SP: kein Kahlschlag bei der Bildung
Obwohl das Budget bei der Volksschule bereits plafoniert worden war und die Sachkommissionen eine Million Franken einsparen wollten, erfolgte ein weiterer Kürzungsantrag der SVP von insgesamt drei Millionen Franken. Dagegen wehrten sich Nicole Wyss (SP), Oensingen, und Mathias Stricker (SP), Bettlach. Dieser sprach von einem schädlichen Kahlschlag, welcher die Qualität der Volksschule gefährden könne. Dank der Raison der Ratsmehrheit wurde auch dieser Antrag abgewendet.

SP will endlich höhere Prämienverbilligung

Der Spielraum für die individuelle Prämienverbilligung wird jedes Jahr kleiner. Seit Jahren fordert die SP/Junge SP, dass der Kantonsrat von seiner Kompetenz um Aufstockung des Kantonsanteils von heute 80 auf 100 Prozent Gebrauch macht. Die zur Verfügung stehenden Mittel reichen für eine wirkungsvolle Entlastung nicht aus.
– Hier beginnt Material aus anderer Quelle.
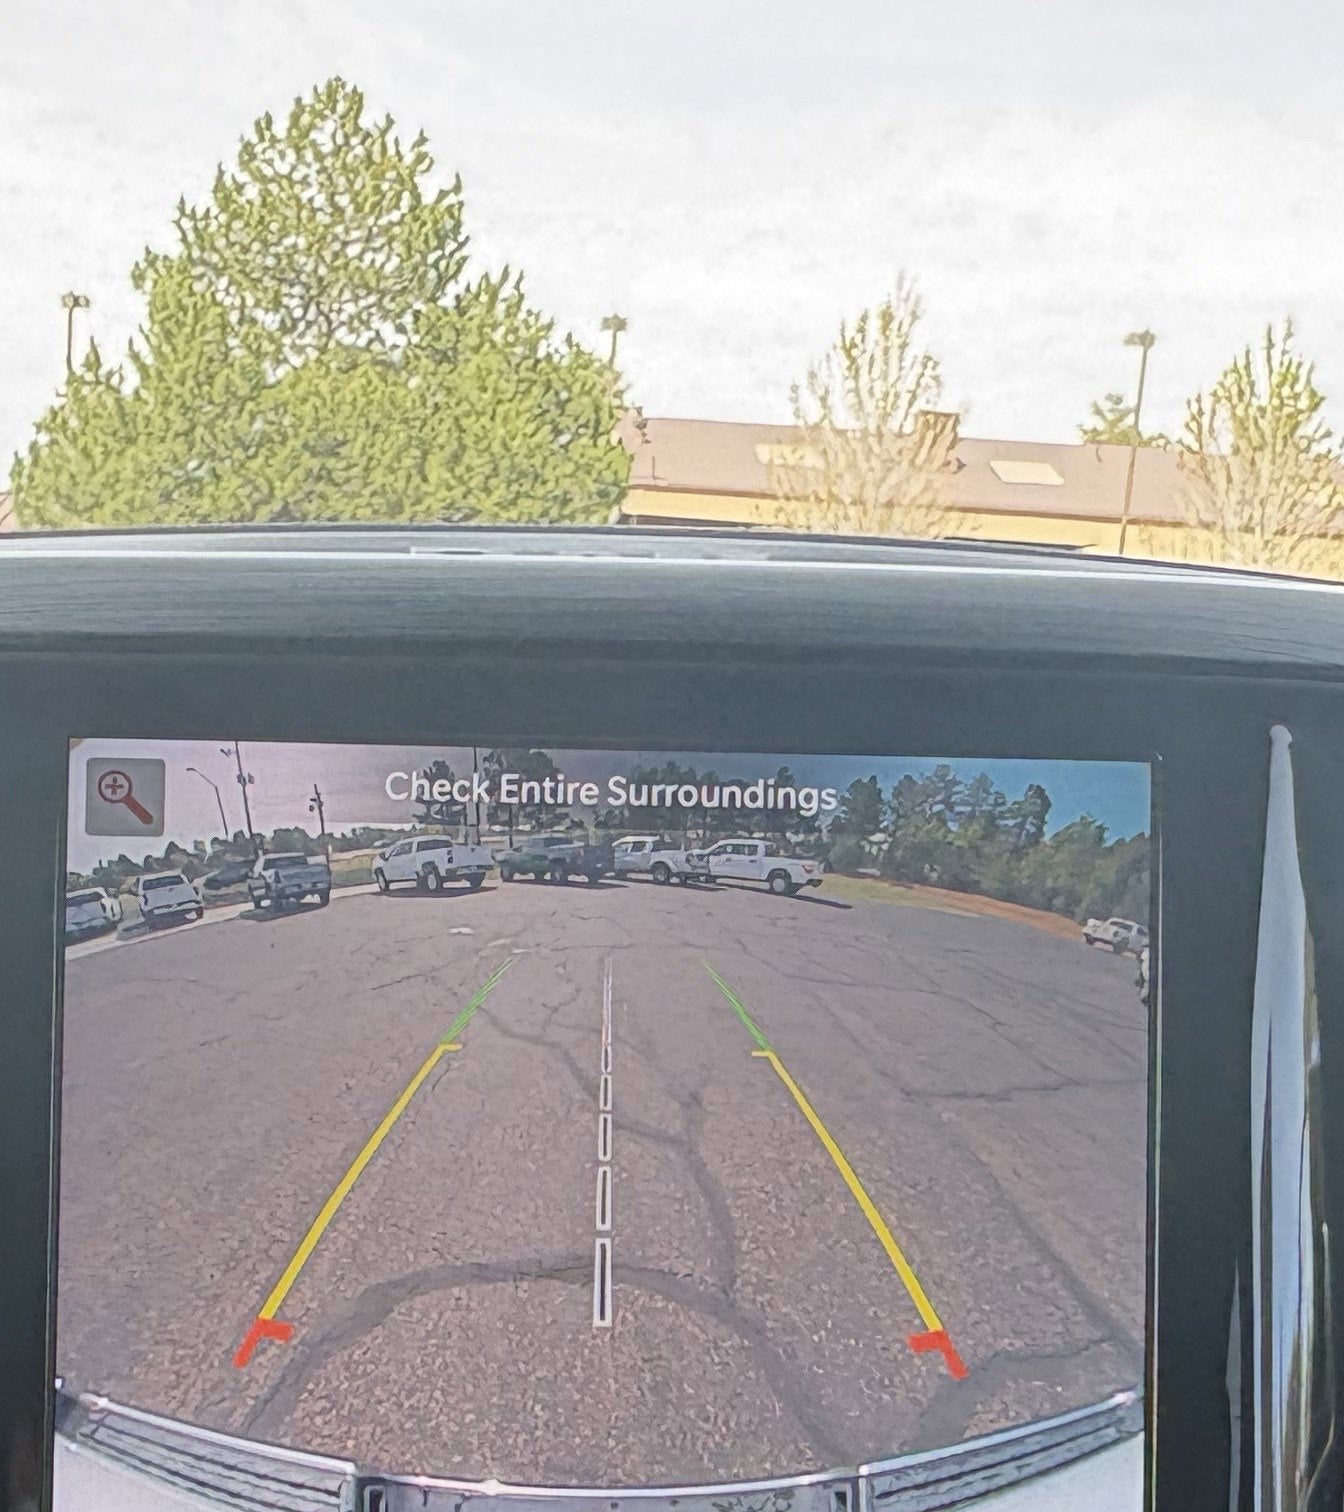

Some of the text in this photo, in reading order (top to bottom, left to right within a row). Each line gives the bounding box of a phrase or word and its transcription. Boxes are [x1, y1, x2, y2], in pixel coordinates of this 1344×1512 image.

Der Zugang für die Anspruchsberechtigten muss unbedingt vereinfacht werden, die Überprüfung und die Anpassung des Beitragsmodells müssen dringend angegangen werden. «Alle mit kleinem Einkommen müssen von der Verbilligung profitieren können, die Armut muss aktiv bekämpft werden», wurde Luzia Stocker (SP), Olten, deutlich.
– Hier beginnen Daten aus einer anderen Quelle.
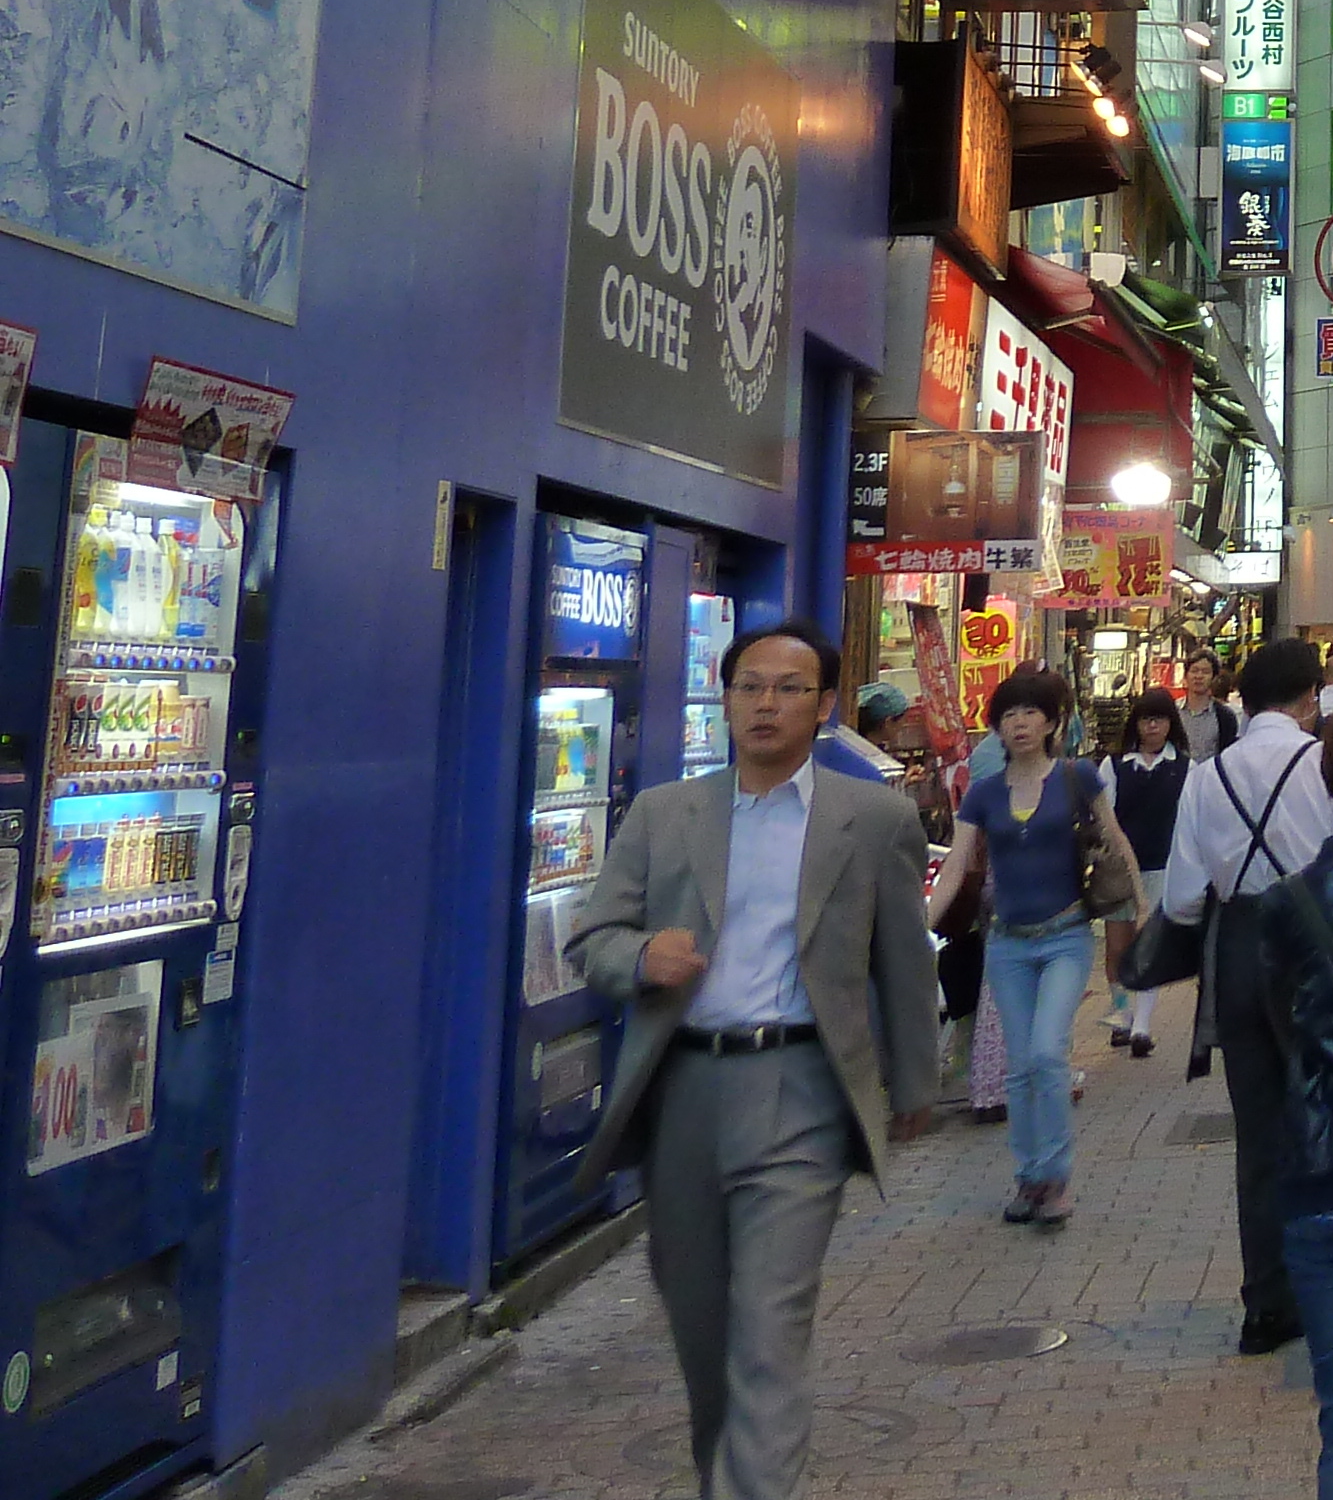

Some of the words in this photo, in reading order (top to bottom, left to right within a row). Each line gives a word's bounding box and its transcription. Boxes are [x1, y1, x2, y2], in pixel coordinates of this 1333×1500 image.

[1233, 96, 1255, 116] B1
[587, 66, 712, 289] BOSS
[600, 264, 691, 373] COFFEE
[853, 486, 889, 508] 50席
[874, 548, 984, 571] 七輪焼肉
[984, 545, 1036, 570] 牛繁
[550, 590, 582, 620] COFFEE
[580, 568, 623, 628] BOSS
[963, 612, 1009, 650] 30
Verzicht auf Lohnerhöhung für SP unverständlich
Ebenfalls Handlungsbedarf erkennt die SP/Junge SP bei der Lohnentwicklung für das Staatspersonal. Für Simon Bürki (SP), Biberist, ist es unverständlich, dass erneut auf eine Lohnerhöhung verzichtet wurde. Die letzte Reallohnerhöhung geht auf das Jahr 2009, der letzte Teuerungsausgleich auf 2019 zurück. Auch im Vergleich zu den Nachbarkantonen sei die Nullrunde absolut knausrig. Der Kanton Solothurn habe seit Jahren eine der schlanksten und effizientesten Verwaltungen der Schweiz. Aber für die stetig wachsenden Aufgaben müsse auch die notwendige Wertschätzung und Ressourcen bereitgestellt werden. Es wäre eine Selbstverständlichkeit ein Zeichen zu setzen. Zudem würde sich der Kanton damit als attraktiver Arbeitgeber präsentieren.
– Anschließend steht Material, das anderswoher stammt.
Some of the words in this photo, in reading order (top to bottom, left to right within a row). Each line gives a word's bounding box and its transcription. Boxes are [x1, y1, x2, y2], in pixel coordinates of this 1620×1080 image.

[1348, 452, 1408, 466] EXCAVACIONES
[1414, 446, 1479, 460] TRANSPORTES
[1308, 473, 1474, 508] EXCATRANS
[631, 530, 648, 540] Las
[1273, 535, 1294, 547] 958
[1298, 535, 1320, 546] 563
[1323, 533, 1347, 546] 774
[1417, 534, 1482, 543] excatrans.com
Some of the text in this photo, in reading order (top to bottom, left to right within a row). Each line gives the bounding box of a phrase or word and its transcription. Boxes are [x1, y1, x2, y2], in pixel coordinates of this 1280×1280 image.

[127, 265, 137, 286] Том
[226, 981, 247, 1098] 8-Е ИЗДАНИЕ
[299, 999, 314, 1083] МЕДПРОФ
SP kritisiert Vorgehen optiSO+/Blumenhaus
Aufgrund der Entwicklung rund um das Blumenhaus im Zusammenhang mit dem Projekt optiSO+ reichte Philipp Heri (SP), Gerlafingen, eine Interpellation ein. Er kritisiert insbesondere das Submissionsverfahren, welches dafür gesorgt hat, dass langjährig tätige Institutionen leer ausgegangen sind. Rund um optiSO+ besteht weiterhin Klärungsbedarf; ein Auftrag dazu wurde bereits anfangs Jahr eingereicht und im Kantonsrat noch immer nicht behandelt. Die SP/Junge SP bleibt dran!

Die Amtei Solothurn-Lebern gratuliert Nadine Vögeli (SP), Hägendorf, zur Wahl als Kantonsratspräsidentin 2022 und wünscht allen schöne Festtage und einen guten Start ins neue Jahr bei hoffentlich bester Gesundheit.